> _Exercise details_
For every entry that follows, return the words exactly and omit any picture.
Information supplied Start Marker
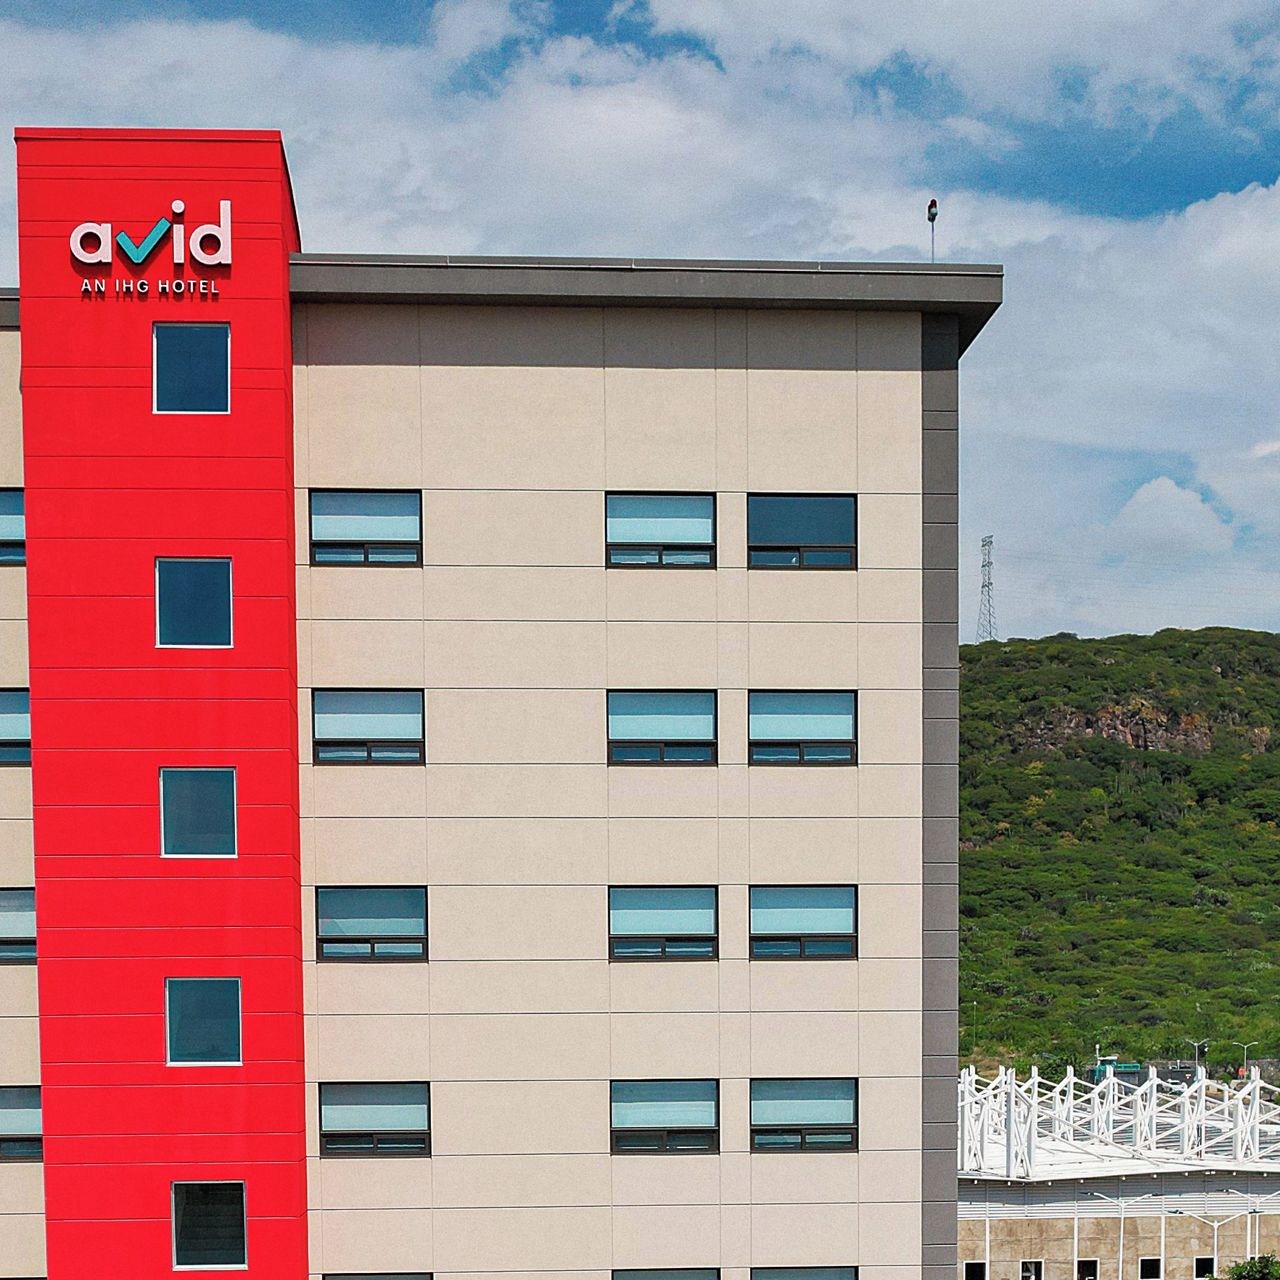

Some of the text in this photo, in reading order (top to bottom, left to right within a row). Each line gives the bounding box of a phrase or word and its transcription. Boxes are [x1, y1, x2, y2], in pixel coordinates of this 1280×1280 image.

[70, 199, 232, 265] avid
[81, 279, 219, 293] AN IHG HOTEL
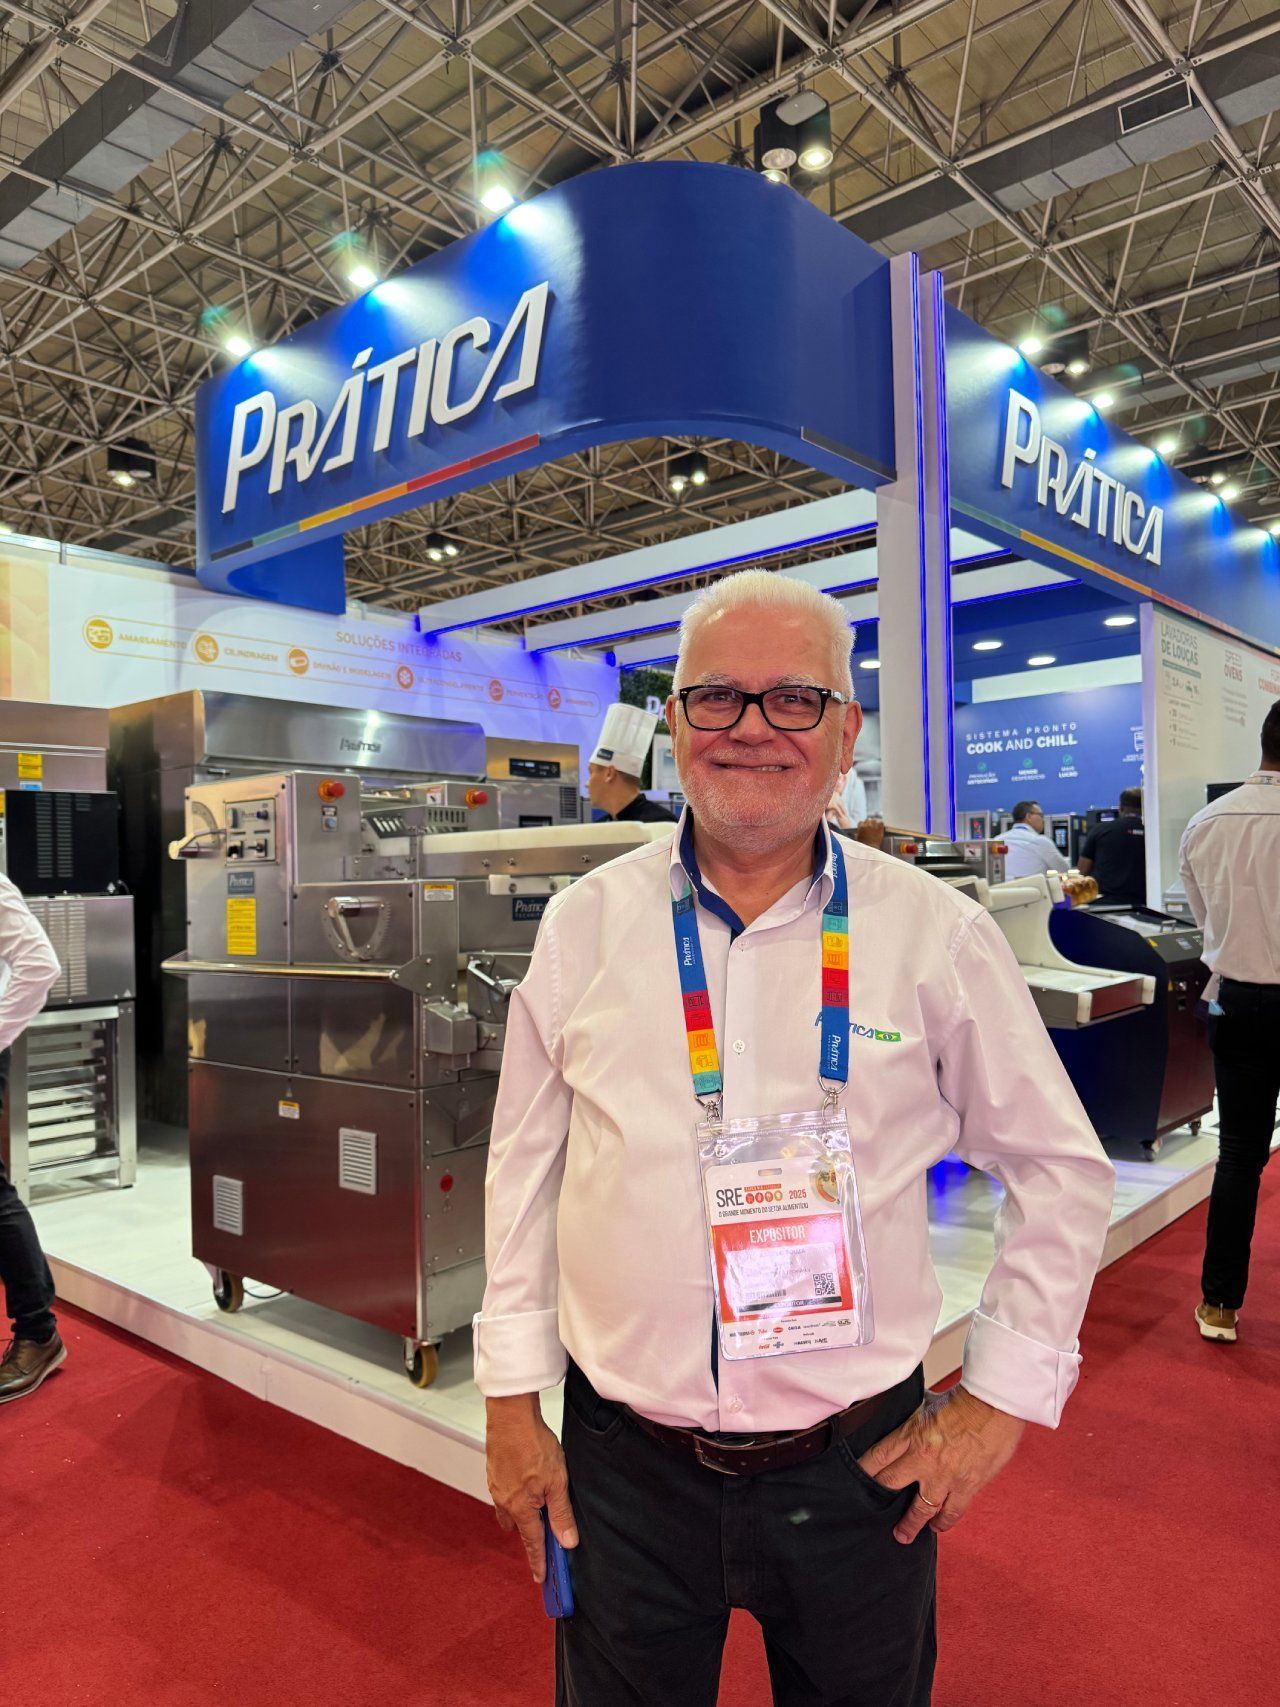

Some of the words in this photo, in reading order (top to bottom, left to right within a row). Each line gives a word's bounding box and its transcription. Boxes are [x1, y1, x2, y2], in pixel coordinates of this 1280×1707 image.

[222, 281, 548, 514] PRÁTICA
[1001, 388, 1164, 566] PRÁTICA
[335, 630, 395, 651] SOLUÇÕES
[398, 642, 463, 663] INTEGRADAS
[1161, 639, 1171, 656] DE
[966, 728, 1018, 741] SISTEMA
[1026, 721, 1078, 735] PRONTO
[966, 740, 1003, 755] COOK
[1005, 738, 1034, 751] AND
[1036, 733, 1078, 748] CHILL
[716, 1187, 745, 1208] SRE
[788, 1189, 807, 1200] 2025
[749, 1224, 806, 1244] EXPOSITOR
Information supplied End Marker
> _Task answer_
Some of the text in this photo, in reading order (top to bottom, left to right within a row). Each line gives the bounding box of a phrase or word and its transcription. Boxes are [x1, y1, x2, y2], in pixel coordinates of this 1280×1280 image.

[70, 199, 232, 265] avid
[81, 279, 219, 293] AN IHG HOTEL

Some of the words in this photo, in reading order (top to bottom, left to right within a row). Each line gives a word's bounding box and its transcription. Boxes are [x1, y1, x2, y2], in pixel coordinates of this 1280×1707 image.

[222, 281, 548, 514] PRÁTICA
[1001, 388, 1164, 566] PRÁTICA
[335, 630, 395, 651] SOLUÇÕES
[398, 642, 463, 663] INTEGRADAS
[1161, 639, 1171, 656] DE
[966, 728, 1018, 741] SISTEMA
[1026, 721, 1078, 735] PRONTO
[966, 740, 1003, 755] COOK
[1005, 738, 1034, 751] AND
[1036, 733, 1078, 748] CHILL
[716, 1187, 745, 1208] SRE
[788, 1189, 807, 1200] 2025
[749, 1224, 806, 1244] EXPOSITOR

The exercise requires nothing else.